Abbildung [1]: Ein kompliziertes Brezelvideo in Final Cut Pro.

Bild und Ton liegen also getrennt vor, und euer Hauptdarsteller braucht mangels professioneller Fernsehausbildung oft mehrere Anläufe, bis ein Satz flüssig ohne allzu viele "äh"s im Kasten ist, also lohnt sich die Anschaffung einer Schneidesoftware. Hierzu legte ich mir das sauteure und saukomplizierte Apple-Programm "Final Cut Pro" zu, natürlich, äh, vergünstigt direkt aus dem Fabrikverkauf. Das Programm ist schwer ausgefuchst, aber gleichzeitig so umständlich zu bedienen, dass kein normaler Mensch, den man davorsetzt, auch nur ein 10-Sekunden-Video damit anfertigen könnte. Zum Glück stehen auf Youtube, ohne Schmarrn, tausende von Videos darüber, wie man das Höllenprogramm bedient.

Abbildung [2]: Ein erfolgreiches Video mit 3000 Views.

Dabei ist es erstaunlich, und im Voraus kaum abzuschätzen, wie gut selbstgemachte Videos auf Youtube ankommen. Die Präsentation meiner Backkünste dümpelt trotz aufwändigster Produktion leider noch immer im zweistelligen Bereich herum, wie zum Beispiel mein Brezelvideo oder das Video zum Anfertigen eines Sauerteigbrots.

Viel erfolgreicher bin ich auf Youtube mit meinem Autobastlerfilm, in dem ich die Mittelkonsole unseres Honda Fit auseinander schraube, um Angelikas dort hineingeschlüpften Ohrring wieder herauszufieseln: Interessierte Autoschrauber haben es schon dreitausendmal abgerufen! (Abbildung 2).
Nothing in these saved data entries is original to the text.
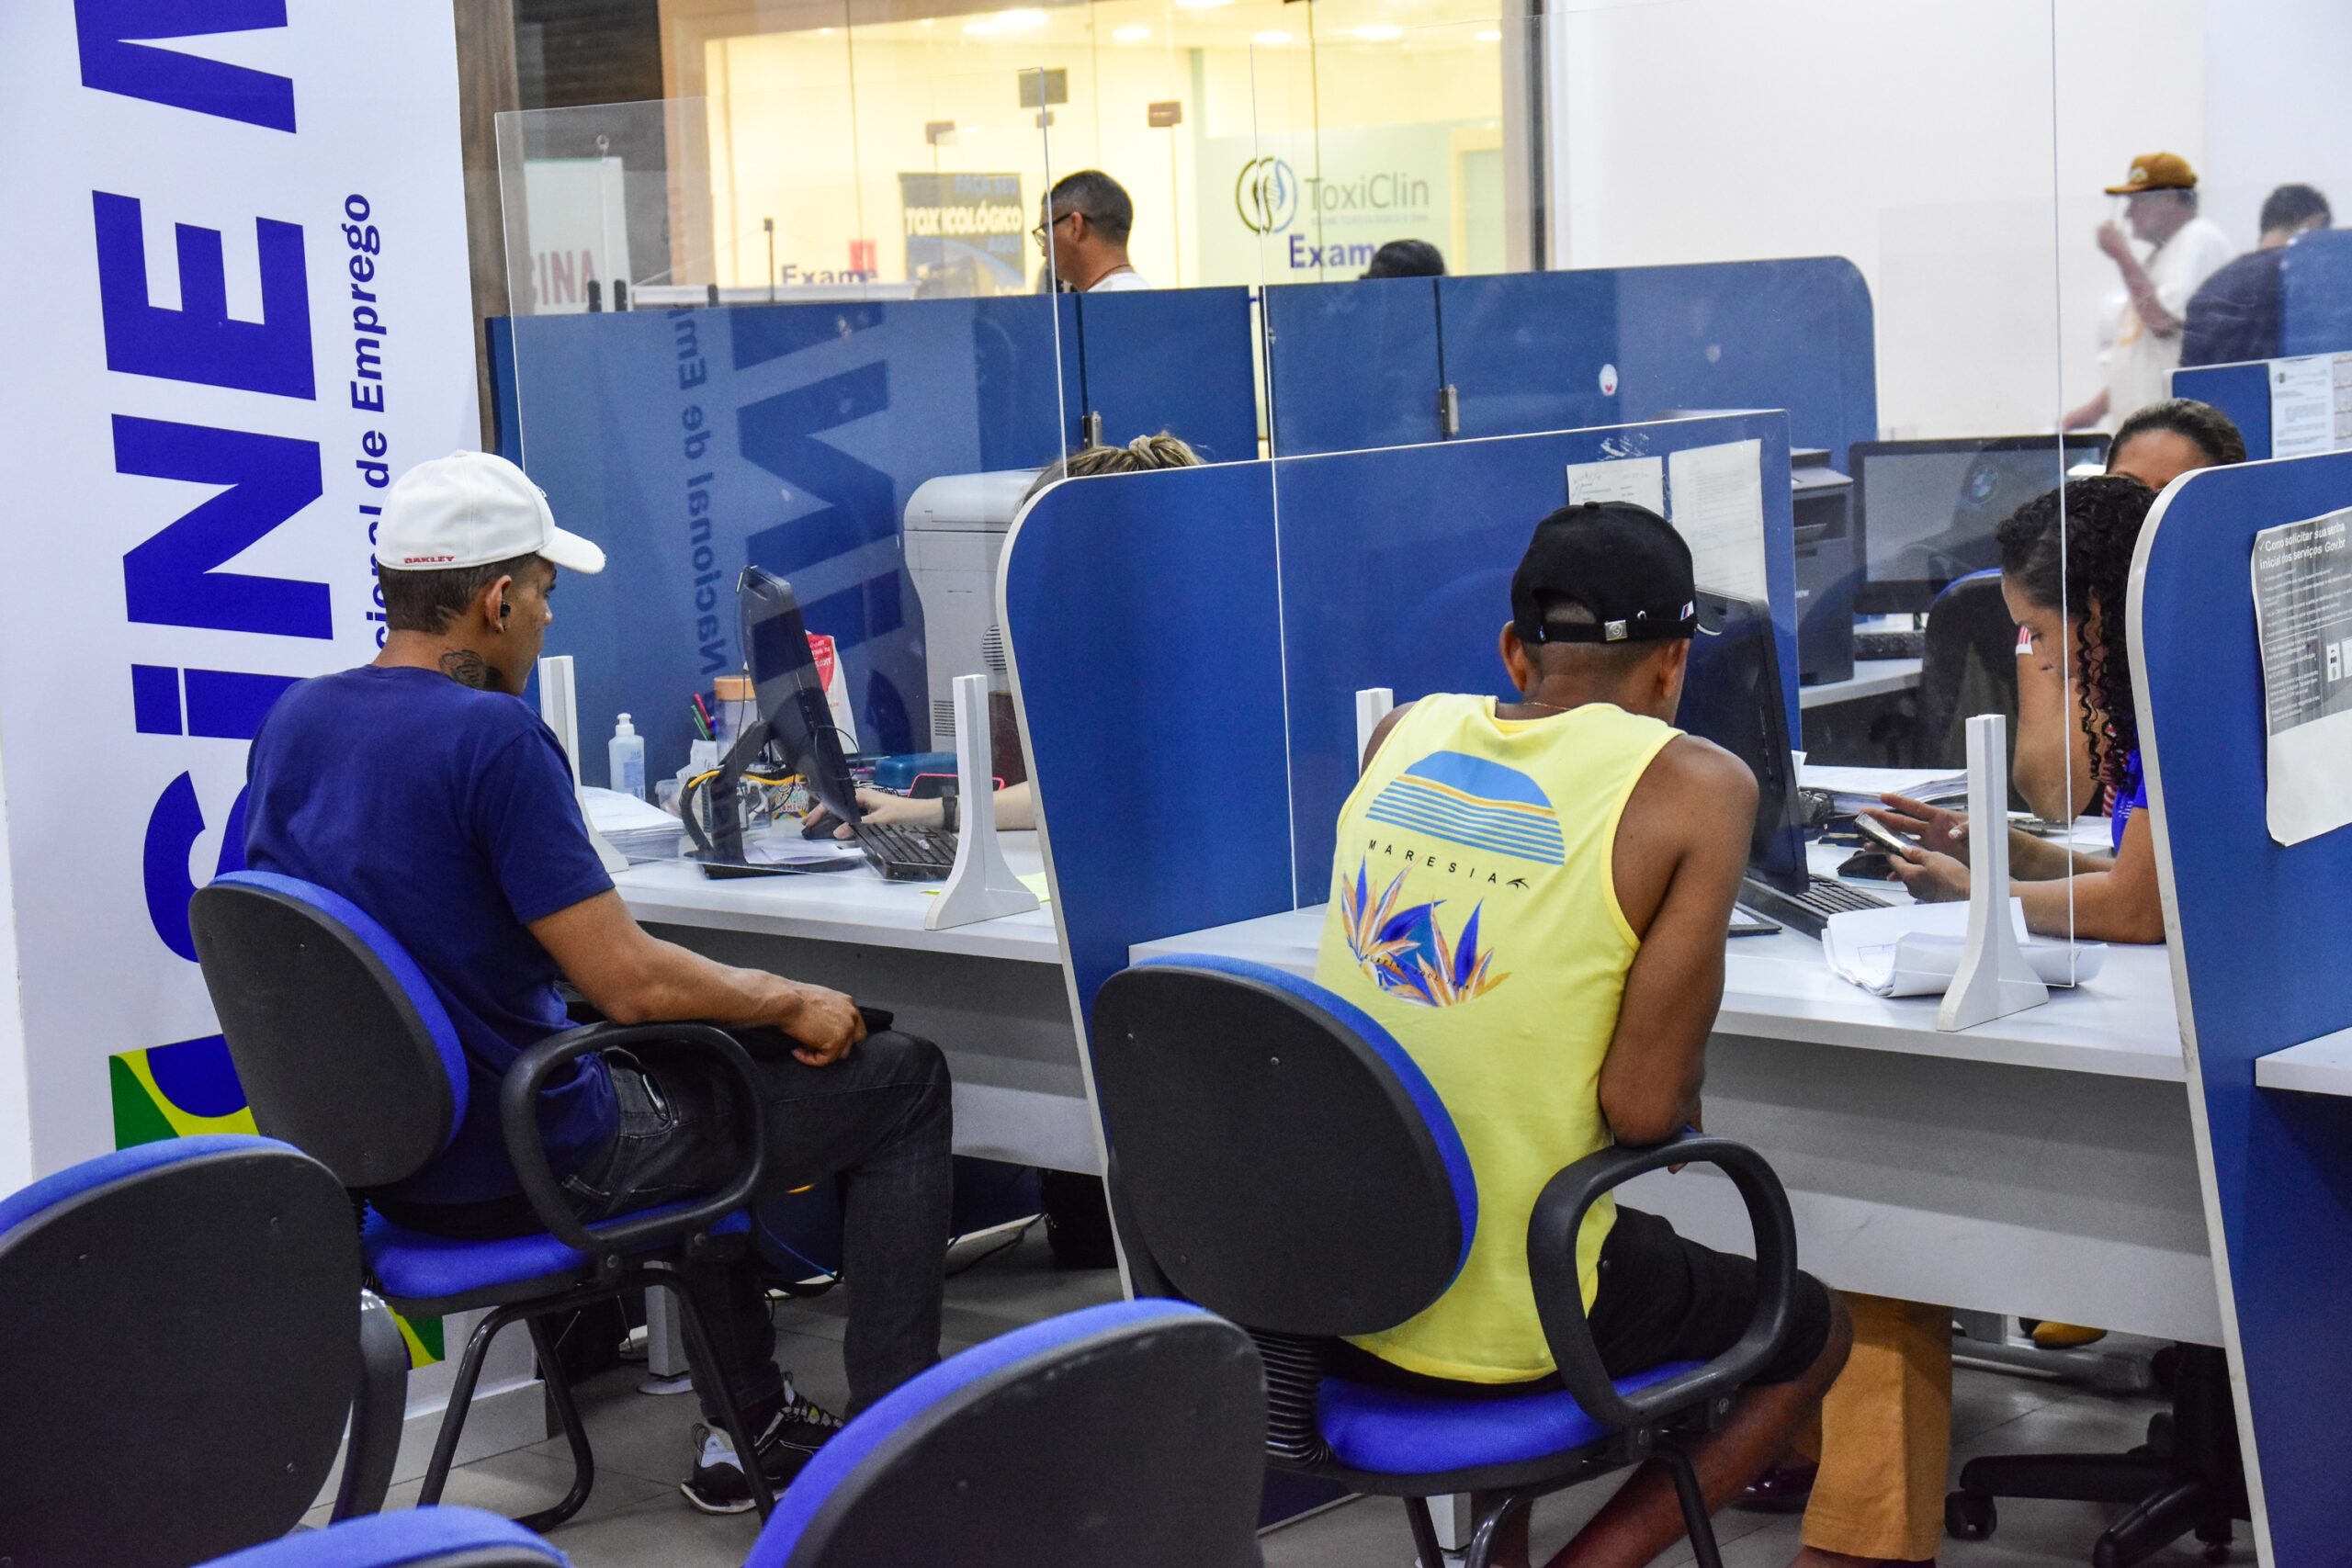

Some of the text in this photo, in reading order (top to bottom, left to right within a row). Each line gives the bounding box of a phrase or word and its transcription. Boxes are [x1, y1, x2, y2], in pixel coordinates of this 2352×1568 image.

[1305, 174, 1429, 211] ToxiClin
[904, 199, 1023, 235] TOXICOLÓGICO
[530, 249, 595, 305] INA
[341, 194, 387, 413] Emprego
[356, 430, 388, 489] de
[2265, 523, 2346, 551] Como solicitar sua senha
[2259, 556, 2281, 570] inicial
[2282, 553, 2292, 563] dos
[2293, 546, 2323, 559] serviços
[1368, 839, 1498, 884] MARESIA
Abbildung [3]: Klappe, die Erste!

Ich habe im Rahmen meines Schnellkurses zum selbsternannten Videofritzen übrigens auch gelernt, warum bei Filmproduktionen am Anfang jeder Szene immer so ein Assistent mit einer Schiefertafel ins Bild kommt, lautstark einen abgespreizten Balken draufschnackeln lässt und "Szene die Erste!" ruft. Bild und Ton eines Films werden nämlich meist getrennt aufgenommen und hinterher zusammengeflickt. Bei meinen Produktionen nehme ich oft das Bild der Handy-Kamera oder einer Spiegelreflex auf, deren Mikros dürren Sound produzieren. Gleichzeitig nimmt ein Studio-Mikrofon den guten Ton auf und der Laptop schneidet diese Aufnahme mit.
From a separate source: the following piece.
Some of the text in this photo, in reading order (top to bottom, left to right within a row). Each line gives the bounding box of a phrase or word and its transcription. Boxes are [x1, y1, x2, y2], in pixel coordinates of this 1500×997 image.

Anschließend muss dann ein Schneidemensch den Film so zusammenflicken, dass der Schauspieler genau zu dem Zeitpunkt die Lippen schürzt, an dem auf der guten Tonspur "o" zu hören ist und keine Verschiebung auftritt, wie bei einer schlechten Raubkopie. Das ist eine unglaublich nervige Fitzelei, die man nie ganz genau hinbekommt, aber genau hier kommt die Tafel zum Einsatz: Am Anfang der Filmszene klappt der Balken auf die Tafel, und auf der Tonspur hört man das zugehörige Schnackelgeräusch, in der Schneidesoftware auch grafisch als Spitze dargestellt - und zack!, kann man beide Spuren so verschieben, dass die Tonspitze mit dem Bild des zuschnappenden Balkens übereinstimmt. Alles Folgende stimmt dann ebenso wie bei einer oscarreifen Hollywood-Produktion. Ich hab mir natürlich auch sofort auf Amazon so eine Schnackeltafel gekauft, kostete ja nur 10 Dollar. Lustigerweise fand ich erst viel später heraus, dass die Schneidesoftware "Final Cut Pro" einen Video-Track mit schlechtem Audio automatisch mit einem separaten per Mikro aufgenommenen Audiotrack synchronisieren kann. Was heutzutage alles geht!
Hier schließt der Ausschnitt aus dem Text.